When it comes to interior design, restaurants are courting a new breed of customer: the Instagrammer. While the thoughtful presentation of food and drinks is nothing new in the restaurant world, social media is putting pressure on owners and designers to think about what's visible around the plates of food highlighted in countless photo feeds. From artwork to disposable coffee cups, wallpaper to lighting fixtures, no detail is too small. Amanda Scriver asked the designers behind four restaurants how social media helped influence the look of the spaces.
Business owners who don't have a good understanding of social media have a hard time appreciating the importance of getting tags, shares and likes online.

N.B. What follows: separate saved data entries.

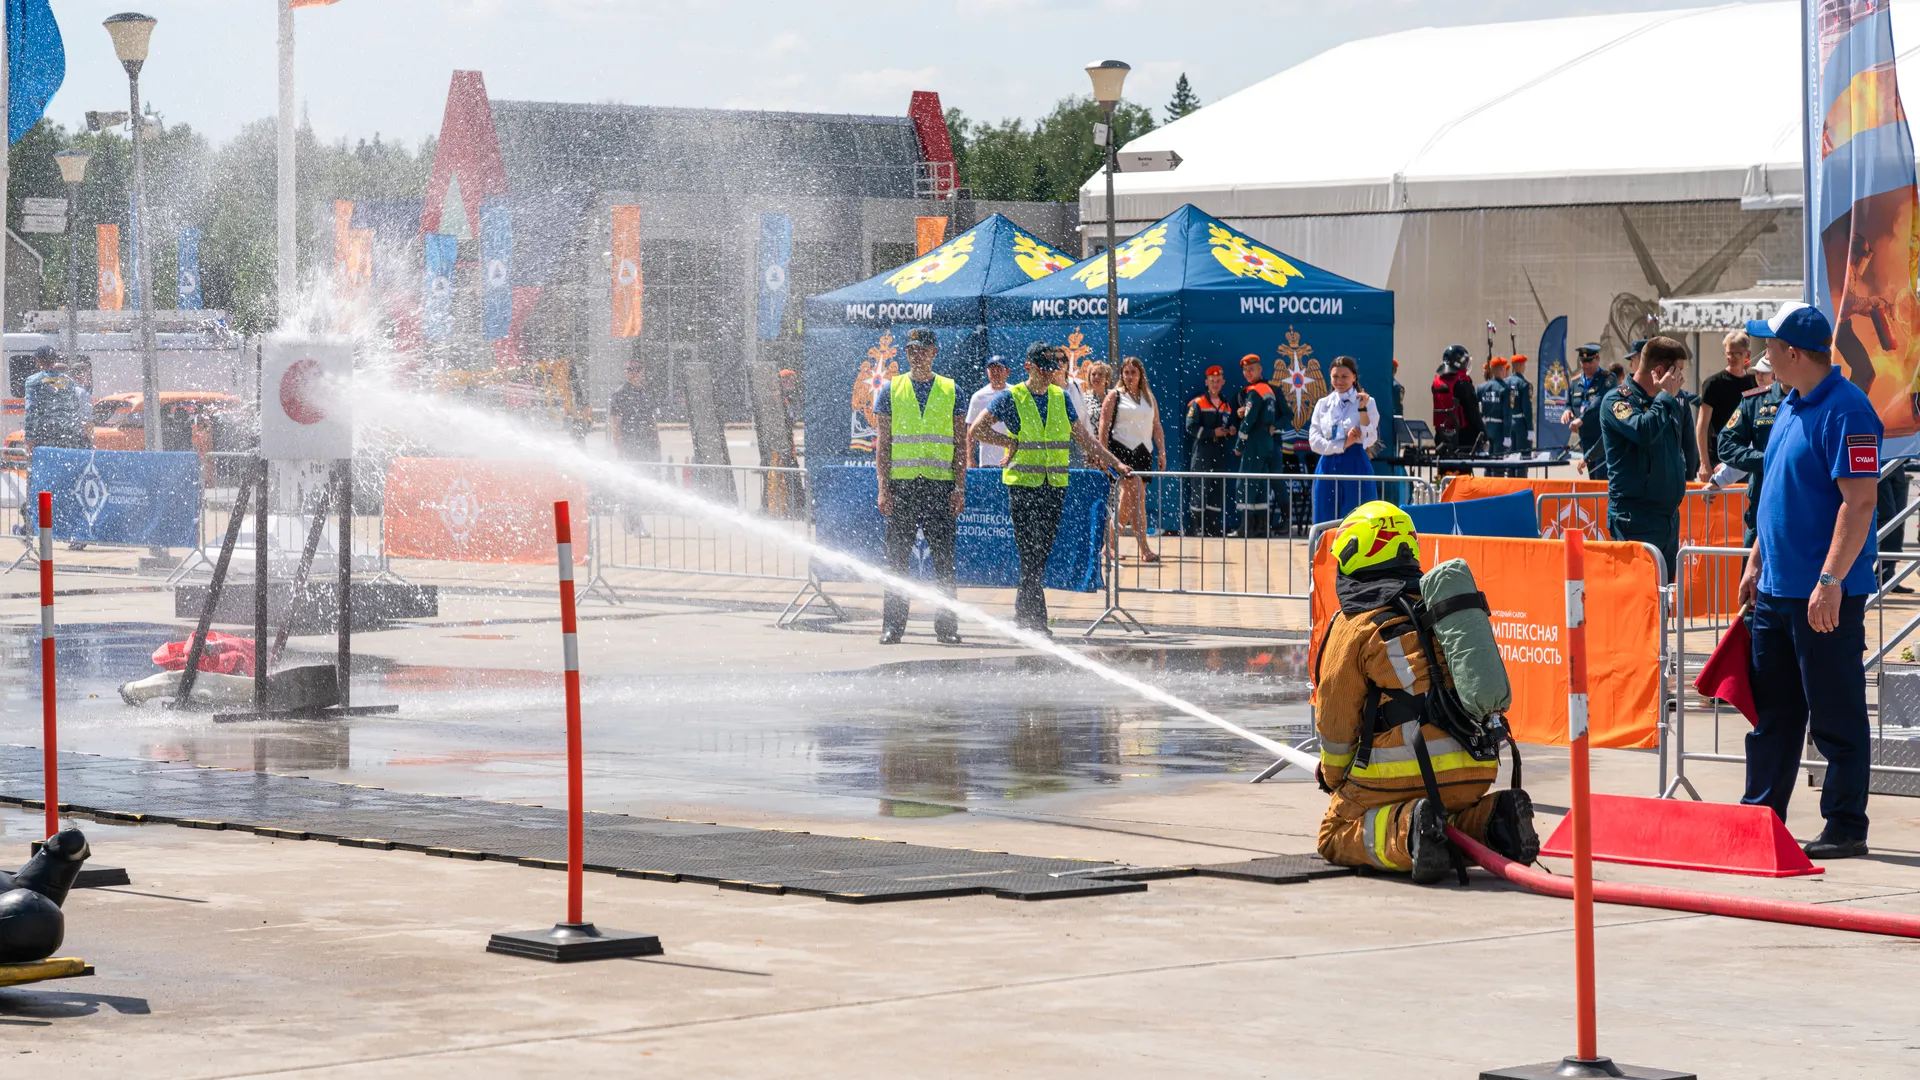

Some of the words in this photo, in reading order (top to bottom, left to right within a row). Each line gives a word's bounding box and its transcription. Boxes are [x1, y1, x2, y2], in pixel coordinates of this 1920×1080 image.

[846, 303, 876, 320] МЧС
[878, 303, 934, 320] РОССИИ
[1031, 299, 1065, 317] МЧС
[1068, 297, 1129, 316] РОССИ
[1240, 296, 1275, 314] МЧС
[1278, 295, 1343, 315] РОССИИ
[956, 513, 1014, 526] ОМПЛЕКСНА
[1491, 621, 1559, 642] МПЛЕКСНАЯ
[1496, 644, 1562, 665] ОПАСНОСТЬ
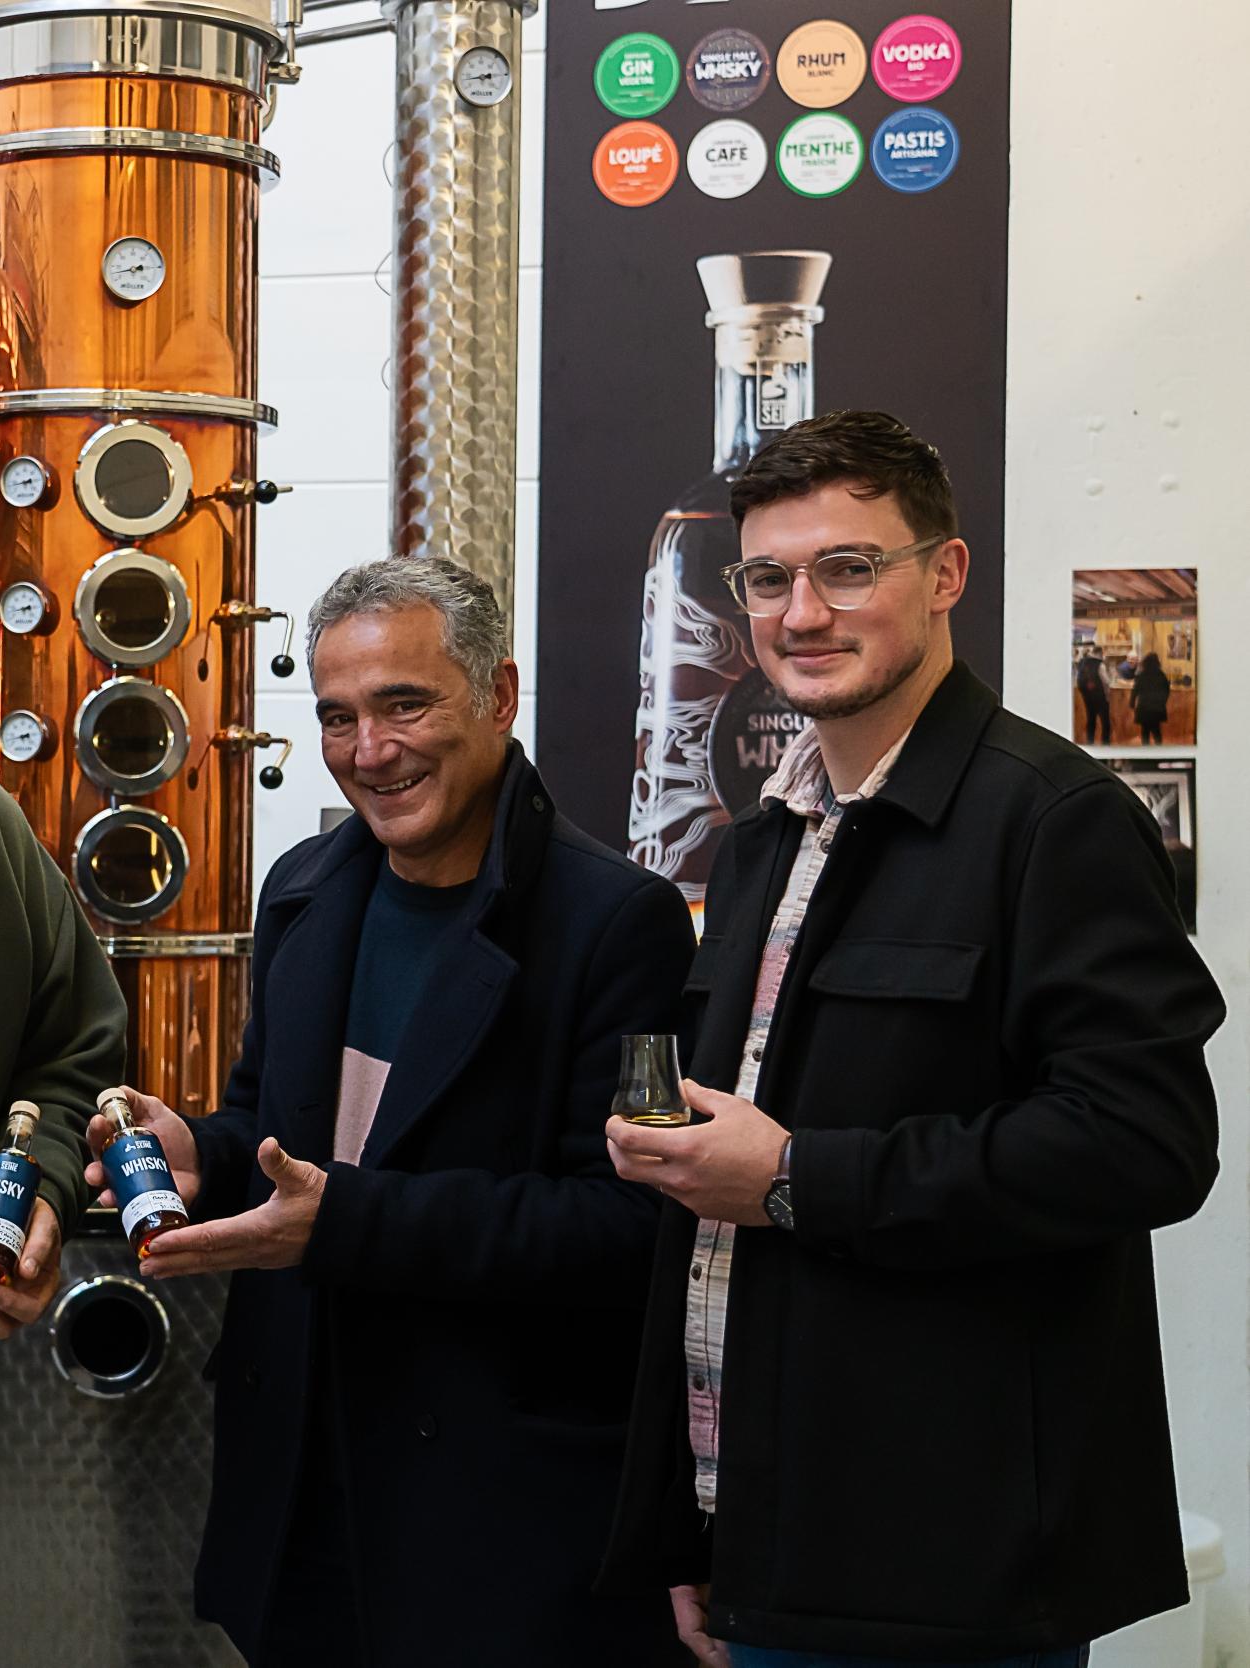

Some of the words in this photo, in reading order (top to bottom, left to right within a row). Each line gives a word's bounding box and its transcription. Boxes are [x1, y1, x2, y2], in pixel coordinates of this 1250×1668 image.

[797, 52, 846, 68] RHUM
[882, 42, 951, 63] VODKA
[621, 60, 654, 76] GIN
[694, 60, 763, 80] WHISKY
[786, 141, 855, 158] MENTHE
[884, 130, 947, 151] PASTIS
[609, 142, 663, 165] LOUPÉ
[121, 1156, 168, 1177] WHISKY

But customers see social media as an extension of a business's physical space. "The world is more sophisticated about design and devours it so quickly," says Walker McKinley, architect and partner at McKinley Burkart Architecture and Interior Design. Designing for social media is like theatre, he says.

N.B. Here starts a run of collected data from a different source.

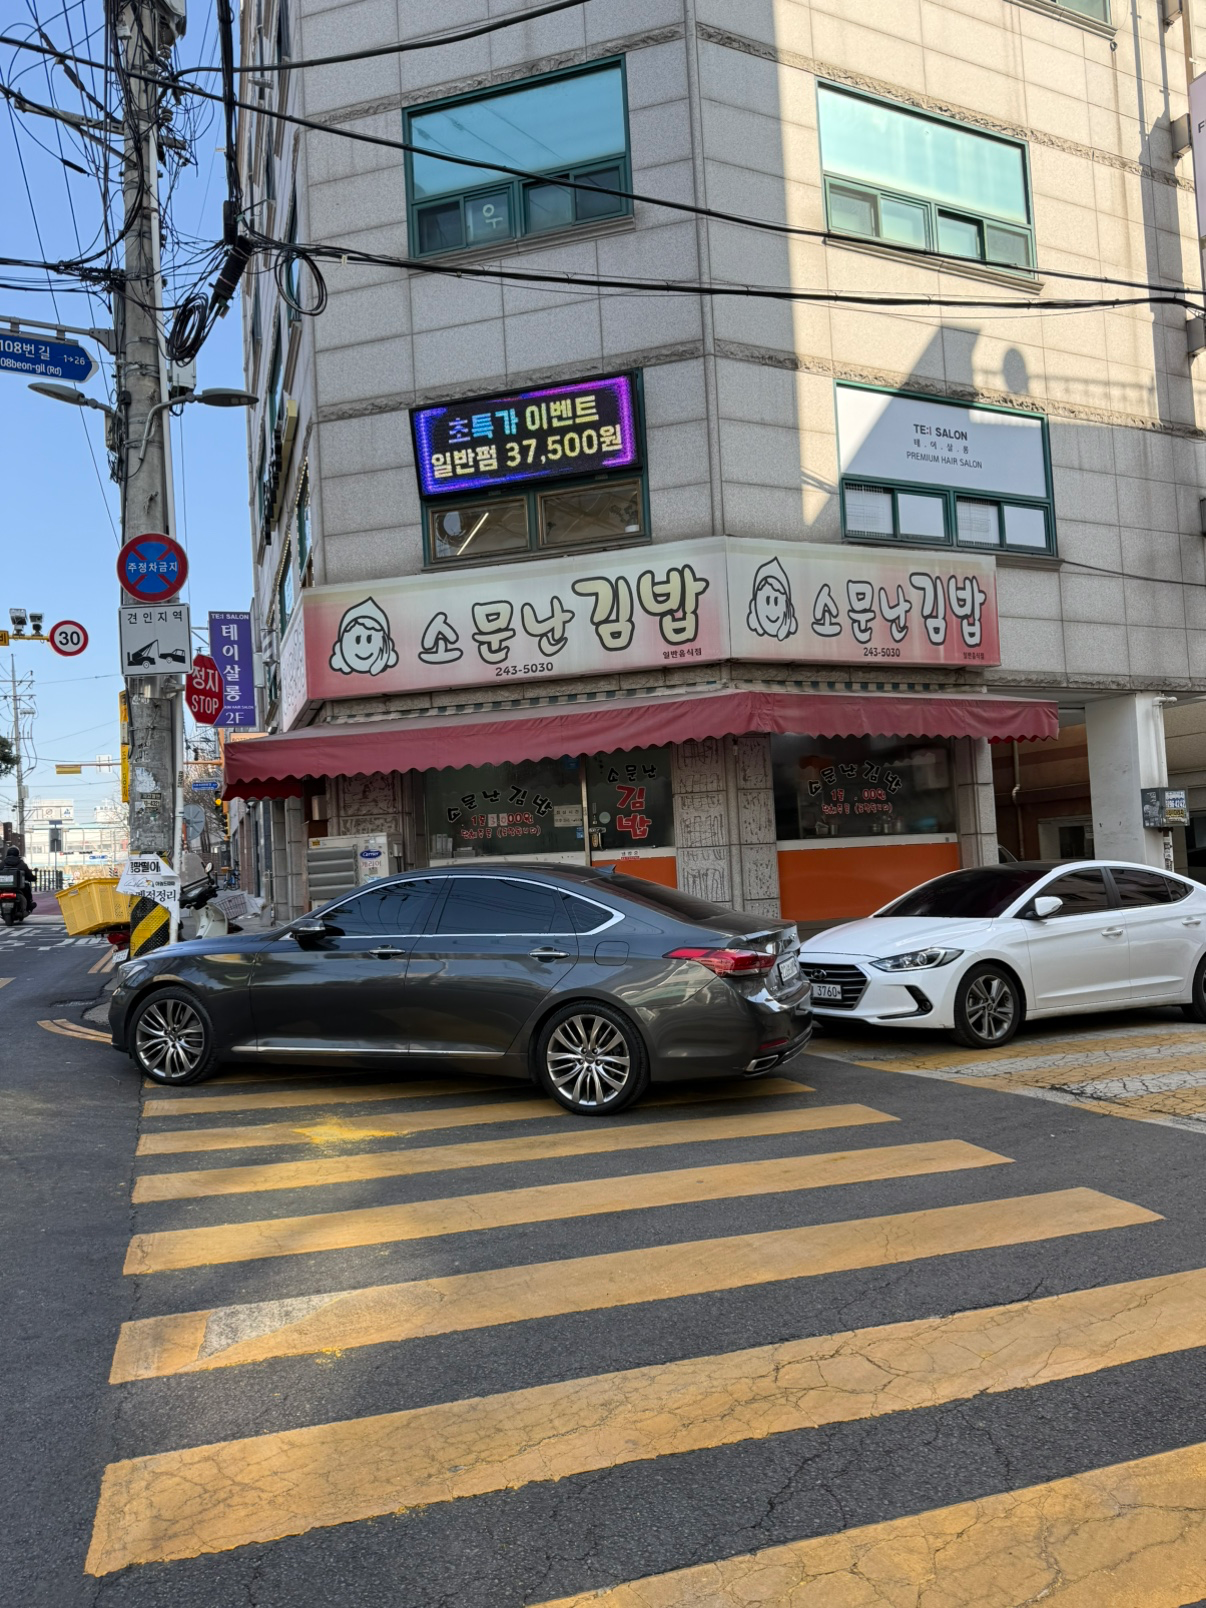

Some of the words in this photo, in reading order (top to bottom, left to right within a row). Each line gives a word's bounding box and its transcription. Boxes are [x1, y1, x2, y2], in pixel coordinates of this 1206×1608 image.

[482, 203, 504, 229] 우
[46, 365, 63, 377] (Rd)
[448, 408, 519, 443] 초특가
[525, 394, 599, 431] 이벤트
[935, 427, 968, 441] SALON
[431, 444, 498, 479] 일반펌
[505, 424, 623, 468] 37,500원
[906, 450, 940, 464] PREMIUM
[941, 455, 959, 466] HAIR
[959, 458, 983, 469] SALON
[127, 561, 178, 573] 주정차금지
[127, 610, 183, 624] 견인지역
[58, 631, 81, 646] 30
[662, 647, 702, 660] 일반음식점
[863, 647, 901, 658] 243-5030
[495, 662, 554, 677] 243-5030
[192, 666, 219, 693] 정지
[191, 694, 219, 715] STOP
[225, 711, 245, 723] 2F
[607, 764, 658, 783] 소문난
[816, 985, 838, 998] 3760

"Design is all about framing, lines of view, backdrops, lighting. We have always been treating design in a way that Instagram reacts well to – in particular in retail and restaurants."
The stage is always buzzing at Calgary's Bocce pizzeria, which the firm worked on. One of the restaurant's most Instagrammed spots is the pizza-making room.
"… We wanted to highlight the energy of the pizza-making process. To do this, we design the space around a long, open kitchen and anchored the restaurant with the dough room, framed by blue windows," McKinley says.
Kissa Tanto, Vancouver
With more than 800 Instagram tags to date, the design choices made at Kissa Tanto have put the Chinatown restaurant on the social-media map. Restaurateurs don't usually come into the process trying to create an Instagram-worthy space, said Craig Stanghetta, principal at Vancouver's Ste. Marie, the design firm that worked on Kissa Tanto along with brand and graphic-design company Glasfurd & Walker.
"A sort of narrative emerges through that work and, of course, we're trying to make sure things are intuitively planned, comfortable, lit properly et cetera, all to evoke an atmosphere and a sensibility," Stanghetta says.
Recently named Canada's best new restaurant by enRoute magazine, Kissa Tanto mixes the aesthetics of a 1960s Japanese jazz bar and modernist Italian design with its distinctive blue-on-blue walls, pink booths and purple neon signage.
"It's always cool when you see an image posted on Instagram from a guest who totally gets the through-line and the design intent," Stanghetta says.
Maman, New York and Toronto
Have you ever admired the Maman coffee cup? That's a Candice Kaye original. The Toronto-based owner of Candice Kaye design created the pattern for the blue-and-white disposable cups used at the café and bakery's locations in New York and Toronto. "Before we even knew that these cups were even going to be anything, when anyone was going to take pictures of them, we put these prints on the cups and then we put the print on the wall, then the fabric, and all this stuff," says Kaye, who specializes in custom-designed wallpaper. "It just sort of came at the perfect time when people on Instagram were noticing design. They wanted their pictures to look pretty. They were taking pictures of these cups up against other prints. It just sort of blew up." Kaye says design can help give a restaurant its own story. "You want someone to walk into your client's restaurant and be like, 'This feels like Maman.'"
Piano Piano, Toronto
Toronto-based designer Tiffany Pratt aims to create little moments that inspire people. While much of her design for the newly transformed Piano Piano is monochromatic, the restaurant has become known for its pink mural of flowers painted on the building's exterior. Pratt said that although chef-owner Victor Barry was hesitant about the bold move, she knew it would get people talking – and become a showstopper on social media. So far, it has worked. People stop all the time to take photos in front of the compelling backdrop. "I don't think that I was so concerned with anything going viral so much as I was wanting people to be inspired by moments," Pratt says.